Overview
Barack Obama’s job approval rating has tumbled since shortly after his re-election, as the public’s economic expectations for the coming year have soured. Despite substantial public awareness of recent gains in the stock market and rebounding real-estate values, the percentage saying economic conditions will get worse over the next year has risen to its highest point in nearly eight years.
Obama’s job approval measure has fallen eight points since December, from 55% to 47%. His rating is comparable to George W. Bush’s (45%) at the same point early in his second term and is much lower than Bill Clinton’s 60% rating in February 1997.
The latest national survey by the Pew Research Center, conducted March 13-17 among 1,501 adults, finds that despite Obama’s lower job rating, he retains greater public confidence than congressional Republicans in dealing with the budget deficit: 53% express at least a fair amount of confidence in him to handle the budget, compared with 39% who express the same confidence in GOP leaders.
The decline in Obama’s approval rating comes at a time when the number of Americans saying that real estate prices have gone up has jumped from 25% in 2011 to 52% currently, and 71% of investors say the value of their portfolios have increased.

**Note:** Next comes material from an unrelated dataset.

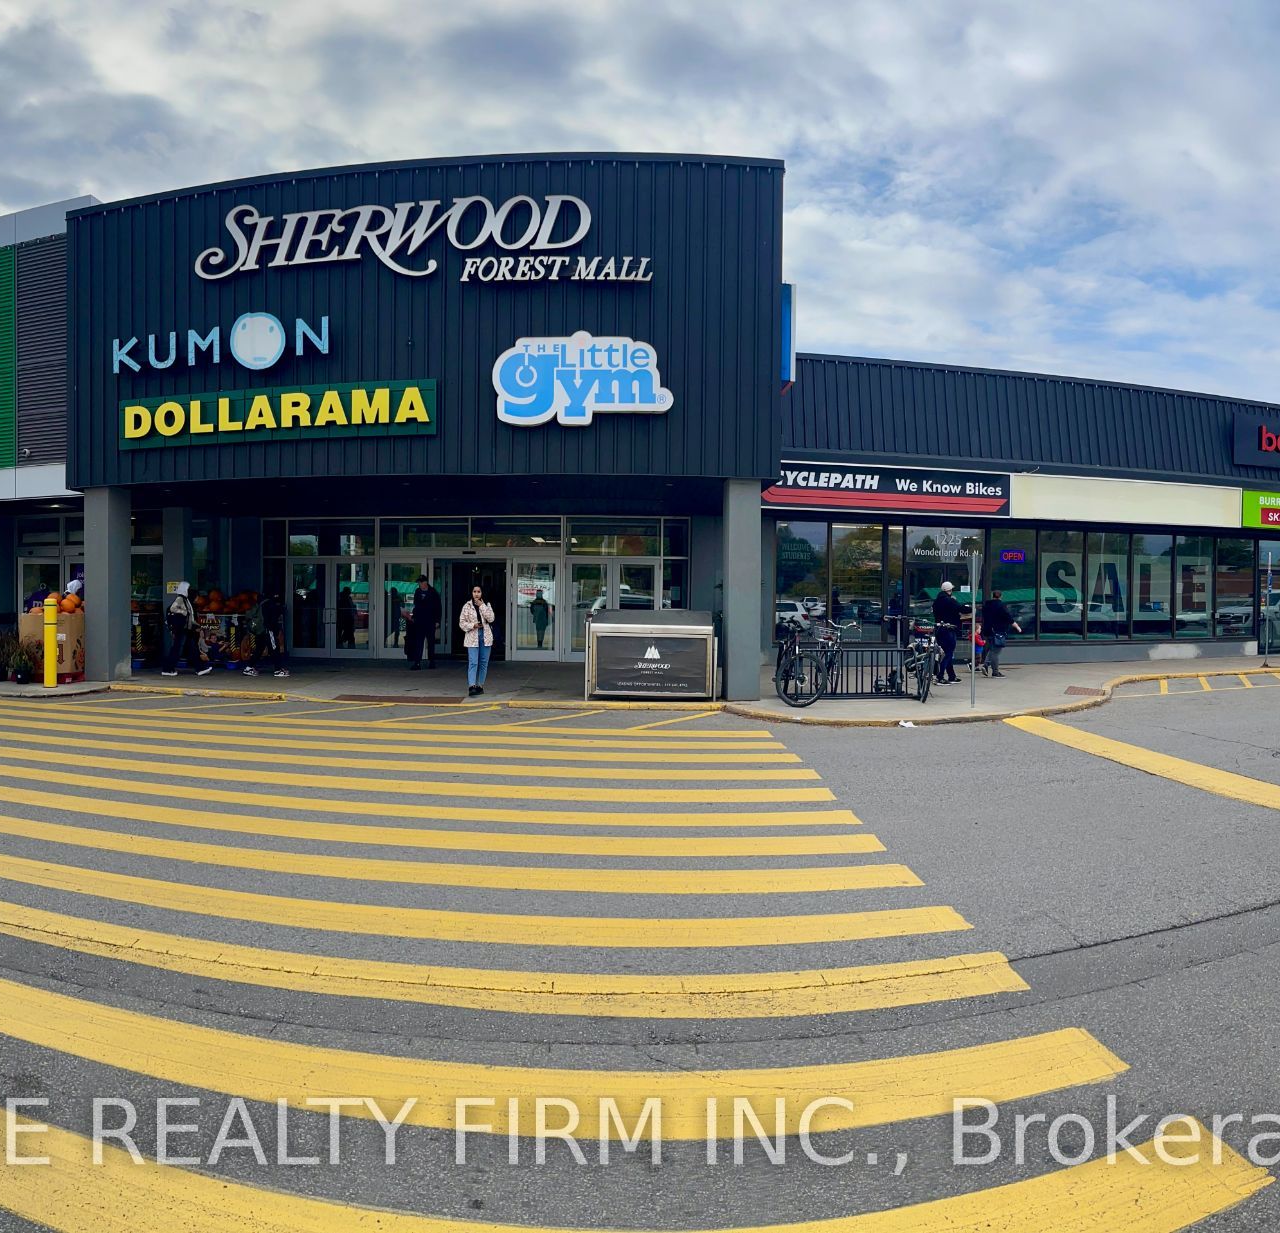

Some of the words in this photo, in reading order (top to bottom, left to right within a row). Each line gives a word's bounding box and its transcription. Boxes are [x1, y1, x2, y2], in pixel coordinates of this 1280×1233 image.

Yet the survey also finds that large percentages of Americans – particularly those with lower family incomes – continue to face severe economic and job-related problems. Nearly three-in-ten (28%) say they have had trouble getting or paying for medical care in the last year, while nearly as many (23%) report problems with paying their rent or mortgage. And 15% say they have been laid off or lost their job in the past year.
The share experiencing one or more of these problems is as high today as it was during the recession: Currently, 42% say they have encountered at least one of these problems, including 60% among those with annual family incomes of $30,000 or less.
When it comes to views of the national economy, most Americans do not think a recovery has taken hold. Just 27% say that the economy is recovering, while 31% say it will recover soon and 40% say it will be a long time before the economy recovers. These views have changed little over the past year.
Looking ahead, the public’s forecast for the national economy has deteriorated. A year ago, nearly three times as many Americans expected the economy to be better as worse in the next year (44% vs. 14%). Today, just a quarter (25%) expect economic conditions to be better a year from now, while nearly a third (32%) say conditions will be worse.
The market turnarounds are having a limited effect on the public’s economic outlook because they are not what affect people’s personal financial situation. When people are asked to consider the personal impact of different economic factors, just 32% say their household finances are affected a lot by real estate values, while even fewer (23%) say that the stock market has a major effect.
Instead, far more Americans say their households are affected by prices – both gas prices (64% a lot) and prices for food and consumer goods (58%). Prices are not only viewed as more important than real estate or the stock market but also the federal budget deficit and even the availability of jobs (39% each). And the news about prices is decidedly bad. The March update of the Pew Research Center’s track of what people are hearing about the economy found 74% saying the news about gas prices was mostly bad, and 52% saying the same about consumer prices.
Rising prices also now rank near the top of the public’s economic worries. Currently, 32% say the job situation is the national economic issue that worries them most, while 29% cite rising prices and 27% the federal budget deficit. Just three months ago, jobs far surpassed all other economic worries – 40% cited the job situation, 25% said the budget deficit and just 22% rising prices.